**Given records:**
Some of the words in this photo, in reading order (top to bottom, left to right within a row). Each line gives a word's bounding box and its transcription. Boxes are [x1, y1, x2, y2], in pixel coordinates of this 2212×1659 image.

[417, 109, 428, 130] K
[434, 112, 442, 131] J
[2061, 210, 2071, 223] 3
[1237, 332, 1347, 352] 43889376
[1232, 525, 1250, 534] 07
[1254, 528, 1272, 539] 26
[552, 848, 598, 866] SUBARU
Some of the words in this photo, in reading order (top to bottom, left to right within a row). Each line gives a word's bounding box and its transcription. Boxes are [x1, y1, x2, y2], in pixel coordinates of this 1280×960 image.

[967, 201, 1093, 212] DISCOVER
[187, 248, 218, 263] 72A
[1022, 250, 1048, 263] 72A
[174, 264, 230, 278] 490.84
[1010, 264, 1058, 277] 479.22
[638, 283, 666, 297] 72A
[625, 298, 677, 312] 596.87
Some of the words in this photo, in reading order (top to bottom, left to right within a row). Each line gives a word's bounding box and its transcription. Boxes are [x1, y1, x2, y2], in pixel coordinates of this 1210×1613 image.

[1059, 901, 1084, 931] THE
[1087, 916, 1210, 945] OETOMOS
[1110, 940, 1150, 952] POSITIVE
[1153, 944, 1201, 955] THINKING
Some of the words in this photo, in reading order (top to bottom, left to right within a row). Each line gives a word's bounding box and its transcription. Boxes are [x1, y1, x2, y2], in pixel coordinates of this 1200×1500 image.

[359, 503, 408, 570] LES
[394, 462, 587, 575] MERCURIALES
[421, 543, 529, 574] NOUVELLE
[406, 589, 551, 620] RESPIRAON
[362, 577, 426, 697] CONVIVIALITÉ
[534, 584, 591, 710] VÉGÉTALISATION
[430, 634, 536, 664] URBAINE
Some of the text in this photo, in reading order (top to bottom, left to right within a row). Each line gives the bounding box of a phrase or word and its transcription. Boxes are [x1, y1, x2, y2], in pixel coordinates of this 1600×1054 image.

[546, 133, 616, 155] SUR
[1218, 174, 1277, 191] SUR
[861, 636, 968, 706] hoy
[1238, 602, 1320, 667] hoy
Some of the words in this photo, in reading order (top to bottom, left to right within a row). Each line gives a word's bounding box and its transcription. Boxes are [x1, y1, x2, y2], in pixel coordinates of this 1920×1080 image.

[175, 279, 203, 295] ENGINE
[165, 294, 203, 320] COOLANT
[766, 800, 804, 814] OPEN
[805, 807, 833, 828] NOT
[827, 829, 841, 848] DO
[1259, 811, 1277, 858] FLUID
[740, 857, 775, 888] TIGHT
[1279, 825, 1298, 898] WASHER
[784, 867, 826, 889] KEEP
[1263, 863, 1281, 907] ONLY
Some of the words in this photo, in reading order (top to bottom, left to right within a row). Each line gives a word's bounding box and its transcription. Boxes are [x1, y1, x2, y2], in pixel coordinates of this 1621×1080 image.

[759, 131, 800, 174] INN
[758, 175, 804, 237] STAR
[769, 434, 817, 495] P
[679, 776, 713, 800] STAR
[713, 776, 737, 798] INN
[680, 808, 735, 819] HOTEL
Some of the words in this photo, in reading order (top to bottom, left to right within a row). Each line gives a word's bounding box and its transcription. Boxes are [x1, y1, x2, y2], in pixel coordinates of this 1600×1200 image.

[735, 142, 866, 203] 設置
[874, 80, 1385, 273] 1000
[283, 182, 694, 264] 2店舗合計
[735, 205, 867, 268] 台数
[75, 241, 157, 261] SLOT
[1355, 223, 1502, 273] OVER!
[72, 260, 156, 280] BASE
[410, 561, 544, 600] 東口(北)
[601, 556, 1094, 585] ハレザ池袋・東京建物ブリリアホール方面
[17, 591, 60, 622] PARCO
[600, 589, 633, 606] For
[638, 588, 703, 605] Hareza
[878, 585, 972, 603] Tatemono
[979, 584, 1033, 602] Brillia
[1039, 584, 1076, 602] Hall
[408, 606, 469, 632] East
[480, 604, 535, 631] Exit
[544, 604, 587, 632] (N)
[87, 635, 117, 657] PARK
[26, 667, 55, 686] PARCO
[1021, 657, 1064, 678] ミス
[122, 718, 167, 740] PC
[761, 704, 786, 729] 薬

**Instructions for the task:** All of the data above should be reproduced exactly.

**Solution to the exercise:**
Some of the words in this photo, in reading order (top to bottom, left to right within a row). Each line gives a word's bounding box and its transcription. Boxes are [x1, y1, x2, y2], in pixel coordinates of this 2212×1659 image.

[417, 109, 428, 130] K
[434, 112, 442, 131] J
[2061, 210, 2071, 223] 3
[1237, 332, 1347, 352] 43889376
[1232, 525, 1250, 534] 07
[1254, 528, 1272, 539] 26
[552, 848, 598, 866] SUBARU
Some of the words in this photo, in reading order (top to bottom, left to right within a row). Each line gives a word's bounding box and its transcription. Boxes are [x1, y1, x2, y2], in pixel coordinates of this 1280×960 image.

[967, 201, 1093, 212] DISCOVER
[187, 248, 218, 263] 72A
[1022, 250, 1048, 263] 72A
[174, 264, 230, 278] 490.84
[1010, 264, 1058, 277] 479.22
[638, 283, 666, 297] 72A
[625, 298, 677, 312] 596.87
Some of the words in this photo, in reading order (top to bottom, left to right within a row). Each line gives a word's bounding box and its transcription. Boxes are [x1, y1, x2, y2], in pixel coordinates of this 1210×1613 image.

[1059, 901, 1084, 931] THE
[1087, 916, 1210, 945] OETOMOS
[1110, 940, 1150, 952] POSITIVE
[1153, 944, 1201, 955] THINKING
Some of the words in this photo, in reading order (top to bottom, left to right within a row). Each line gives a word's bounding box and its transcription. Boxes are [x1, y1, x2, y2], in pixel coordinates of this 1200×1500 image.

[359, 503, 408, 570] LES
[394, 462, 587, 575] MERCURIALES
[421, 543, 529, 574] NOUVELLE
[406, 589, 551, 620] RESPIRAON
[362, 577, 426, 697] CONVIVIALITÉ
[534, 584, 591, 710] VÉGÉTALISATION
[430, 634, 536, 664] URBAINE
Some of the text in this photo, in reading order (top to bottom, left to right within a row). Each line gives the bounding box of a phrase or word and its transcription. Boxes are [x1, y1, x2, y2], in pixel coordinates of this 1600×1054 image.

[546, 133, 616, 155] SUR
[1218, 174, 1277, 191] SUR
[861, 636, 968, 706] hoy
[1238, 602, 1320, 667] hoy
Some of the words in this photo, in reading order (top to bottom, left to right within a row). Each line gives a word's bounding box and its transcription. Boxes are [x1, y1, x2, y2], in pixel coordinates of this 1920×1080 image.

[175, 279, 203, 295] ENGINE
[165, 294, 203, 320] COOLANT
[766, 800, 804, 814] OPEN
[805, 807, 833, 828] NOT
[827, 829, 841, 848] DO
[1259, 811, 1277, 858] FLUID
[740, 857, 775, 888] TIGHT
[1279, 825, 1298, 898] WASHER
[784, 867, 826, 889] KEEP
[1263, 863, 1281, 907] ONLY
Some of the words in this photo, in reading order (top to bottom, left to right within a row). Each line gives a word's bounding box and its transcription. Boxes are [x1, y1, x2, y2], in pixel coordinates of this 1621×1080 image.

[759, 131, 800, 174] INN
[758, 175, 804, 237] STAR
[769, 434, 817, 495] P
[679, 776, 713, 800] STAR
[713, 776, 737, 798] INN
[680, 808, 735, 819] HOTEL
Some of the words in this photo, in reading order (top to bottom, left to right within a row). Each line gives a word's bounding box and its transcription. Boxes are [x1, y1, x2, y2], in pixel coordinates of this 1600×1200 image.

[735, 142, 866, 203] 設置
[874, 80, 1385, 273] 1000
[283, 182, 694, 264] 2店舗合計
[735, 205, 867, 268] 台数
[75, 241, 157, 261] SLOT
[1355, 223, 1502, 273] OVER!
[72, 260, 156, 280] BASE
[410, 561, 544, 600] 東口(北)
[601, 556, 1094, 585] ハレザ池袋・東京建物ブリリアホール方面
[17, 591, 60, 622] PARCO
[600, 589, 633, 606] For
[638, 588, 703, 605] Hareza
[878, 585, 972, 603] Tatemono
[979, 584, 1033, 602] Brillia
[1039, 584, 1076, 602] Hall
[408, 606, 469, 632] East
[480, 604, 535, 631] Exit
[544, 604, 587, 632] (N)
[87, 635, 117, 657] PARK
[26, 667, 55, 686] PARCO
[1021, 657, 1064, 678] ミス
[122, 718, 167, 740] PC
[761, 704, 786, 729] 薬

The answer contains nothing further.